2001-08-23 12:21:40 PM  

Don't forget to take New Jersey with you, I'm convinced that the entire state is on crack (Kevin Smith excluded)
2001-08-23 12:24:52 PM  
Steven Tyler would be fine for king. Just don't let him sing your national anthem.
2001-08-23 12:25:18 PM  
Malinois: No!
2001-08-23 12:26:20 PM  
Please? ;)

PS: Nice work with Animutation!
2001-08-23 12:26:41 PM  
AChimp: Not quite, they couldn't change the URL:
2001-08-23 12:30:46 PM  
Screw New England. New England gave us William F. Buckley, chowder, Emily Dickinson, and the Patriots. New England is perpetual commuters with permanent hemorrhoids, overrated degrees, overcomplicated tax returns, and delusions of cul-CHAH. You can tell us how smart New Englanders are while you're busting the ice dams off your overpriced 1930s farmhouse.

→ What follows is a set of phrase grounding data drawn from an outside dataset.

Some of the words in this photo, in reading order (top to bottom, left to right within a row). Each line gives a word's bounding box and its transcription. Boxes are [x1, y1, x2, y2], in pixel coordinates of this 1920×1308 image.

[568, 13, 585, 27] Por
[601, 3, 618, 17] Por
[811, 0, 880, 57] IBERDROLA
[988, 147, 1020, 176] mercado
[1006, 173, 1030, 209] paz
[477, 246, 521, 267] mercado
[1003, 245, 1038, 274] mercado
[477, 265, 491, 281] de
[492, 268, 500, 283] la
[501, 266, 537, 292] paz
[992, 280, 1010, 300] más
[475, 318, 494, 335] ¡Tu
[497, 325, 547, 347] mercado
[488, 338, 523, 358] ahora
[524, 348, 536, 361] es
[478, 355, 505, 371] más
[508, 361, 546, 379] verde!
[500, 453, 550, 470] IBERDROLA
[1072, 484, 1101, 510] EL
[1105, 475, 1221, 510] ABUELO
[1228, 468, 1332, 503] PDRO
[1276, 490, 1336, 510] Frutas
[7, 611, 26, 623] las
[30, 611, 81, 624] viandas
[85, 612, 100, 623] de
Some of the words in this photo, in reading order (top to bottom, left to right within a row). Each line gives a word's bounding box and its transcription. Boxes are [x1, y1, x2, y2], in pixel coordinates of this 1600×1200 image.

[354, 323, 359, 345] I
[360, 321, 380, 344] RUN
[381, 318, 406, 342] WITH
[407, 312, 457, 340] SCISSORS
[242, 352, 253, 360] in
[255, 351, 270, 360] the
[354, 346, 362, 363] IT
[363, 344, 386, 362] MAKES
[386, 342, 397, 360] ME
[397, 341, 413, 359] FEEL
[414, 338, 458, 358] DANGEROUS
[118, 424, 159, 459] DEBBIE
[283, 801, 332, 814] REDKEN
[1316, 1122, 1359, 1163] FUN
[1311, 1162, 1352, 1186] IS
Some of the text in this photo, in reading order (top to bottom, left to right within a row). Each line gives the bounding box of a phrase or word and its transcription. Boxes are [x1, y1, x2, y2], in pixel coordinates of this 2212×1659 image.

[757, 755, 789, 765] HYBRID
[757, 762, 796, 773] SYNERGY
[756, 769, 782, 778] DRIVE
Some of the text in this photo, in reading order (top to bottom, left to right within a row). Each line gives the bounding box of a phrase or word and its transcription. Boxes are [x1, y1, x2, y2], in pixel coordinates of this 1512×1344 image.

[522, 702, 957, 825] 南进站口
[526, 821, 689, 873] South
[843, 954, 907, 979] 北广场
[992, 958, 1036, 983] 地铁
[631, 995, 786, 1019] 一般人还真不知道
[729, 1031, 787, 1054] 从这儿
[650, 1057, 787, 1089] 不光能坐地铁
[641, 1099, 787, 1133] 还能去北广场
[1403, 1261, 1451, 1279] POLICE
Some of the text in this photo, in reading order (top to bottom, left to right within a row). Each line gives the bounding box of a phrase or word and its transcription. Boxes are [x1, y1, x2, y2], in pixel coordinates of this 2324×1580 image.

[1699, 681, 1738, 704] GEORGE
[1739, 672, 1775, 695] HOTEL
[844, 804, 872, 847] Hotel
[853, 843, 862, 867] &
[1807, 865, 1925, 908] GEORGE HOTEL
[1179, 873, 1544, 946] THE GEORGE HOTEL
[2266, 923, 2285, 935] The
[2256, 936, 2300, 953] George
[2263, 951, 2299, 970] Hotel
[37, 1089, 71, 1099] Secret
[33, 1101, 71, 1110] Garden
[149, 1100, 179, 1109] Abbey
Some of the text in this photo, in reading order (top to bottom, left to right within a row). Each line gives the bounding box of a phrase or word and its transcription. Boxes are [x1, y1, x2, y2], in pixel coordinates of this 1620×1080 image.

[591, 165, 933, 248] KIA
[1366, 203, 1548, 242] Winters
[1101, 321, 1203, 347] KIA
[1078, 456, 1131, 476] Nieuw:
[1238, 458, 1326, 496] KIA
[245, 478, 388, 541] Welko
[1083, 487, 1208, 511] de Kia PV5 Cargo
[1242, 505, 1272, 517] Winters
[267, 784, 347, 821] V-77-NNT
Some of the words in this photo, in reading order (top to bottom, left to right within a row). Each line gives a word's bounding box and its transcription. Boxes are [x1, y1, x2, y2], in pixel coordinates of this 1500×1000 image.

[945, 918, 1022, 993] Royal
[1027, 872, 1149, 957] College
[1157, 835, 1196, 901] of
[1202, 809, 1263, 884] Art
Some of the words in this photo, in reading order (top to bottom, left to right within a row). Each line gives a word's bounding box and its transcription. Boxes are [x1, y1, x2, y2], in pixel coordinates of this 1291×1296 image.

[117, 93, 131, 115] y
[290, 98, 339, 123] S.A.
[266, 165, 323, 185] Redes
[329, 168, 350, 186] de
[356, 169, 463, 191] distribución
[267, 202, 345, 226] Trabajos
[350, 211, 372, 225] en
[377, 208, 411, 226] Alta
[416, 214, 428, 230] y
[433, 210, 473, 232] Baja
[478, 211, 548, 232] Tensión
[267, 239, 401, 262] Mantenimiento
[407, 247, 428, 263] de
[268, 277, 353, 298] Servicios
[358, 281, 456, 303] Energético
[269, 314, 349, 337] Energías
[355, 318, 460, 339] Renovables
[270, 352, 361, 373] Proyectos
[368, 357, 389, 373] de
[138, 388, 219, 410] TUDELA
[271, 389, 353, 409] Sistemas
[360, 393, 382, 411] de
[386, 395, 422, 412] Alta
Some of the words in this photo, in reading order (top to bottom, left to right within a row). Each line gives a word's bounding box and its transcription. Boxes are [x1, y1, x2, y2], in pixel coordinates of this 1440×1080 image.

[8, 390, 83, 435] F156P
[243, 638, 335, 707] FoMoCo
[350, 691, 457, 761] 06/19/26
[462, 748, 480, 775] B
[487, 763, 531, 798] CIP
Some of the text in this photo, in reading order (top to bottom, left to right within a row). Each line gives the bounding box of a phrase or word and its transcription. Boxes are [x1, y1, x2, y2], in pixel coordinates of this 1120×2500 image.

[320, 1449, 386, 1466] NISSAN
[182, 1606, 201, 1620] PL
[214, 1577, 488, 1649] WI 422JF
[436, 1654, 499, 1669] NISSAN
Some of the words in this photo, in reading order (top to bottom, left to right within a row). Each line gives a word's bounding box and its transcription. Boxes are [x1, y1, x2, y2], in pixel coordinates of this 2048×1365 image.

Sure, you can split off from the rest of the country. You can even have Emeril back. Now that he's spent some time in Louisiana, he can teach y'all how to cook.
2001-08-23 12:32:03 PM  
Oops, did I type that out loud?
2001-08-23 12:39:21 PM  
I was working at a restaurant when I received some American tourists for customers. They asked my what a Poutine was and then told me about how "neat" our money looked. I simply let that speak for itself.
2001-08-23 12:41:47 PM  
All this over the URL? Man, I don't like McNews either, but don't you think harping on the URL is a bit [image from too old to be available] itself?
2001-08-23 12:43:47 PM  
I met a dumba$$ almost wanting to start a fight over the # of US States. He was American, and was convinced there were 52! (Alaska and Hawaii, right?) I told him to count the *%$%#@# stars on his own #*%$&^@ flag! Boy did he get pissed! (I wonder if it had anything to do with the fact that he was from rural Montana)......
2001-08-23 12:45:04 PM  
Hahahaha.. the dumb farks changed the graphics!! Haha! I busted usa today!
2001-08-23 12:51:49 PM  
It was stupid and rude of those American tourists to call your money "neat." "Cute" is more like it.

Man, when foreigners start dissing the Stars and Stripes, I'm like, why don't we just step aside and let Fidel Castro take over the world? Then you'd all be singing a different kettle of fish.
2001-08-23 12:56:41 PM  
BTW, the OED defines overseas as: Foreign parts; abroad. So maybe it doesn't have to literally mean "over the sea." Still, if it embarrases USA Today, it has to be good.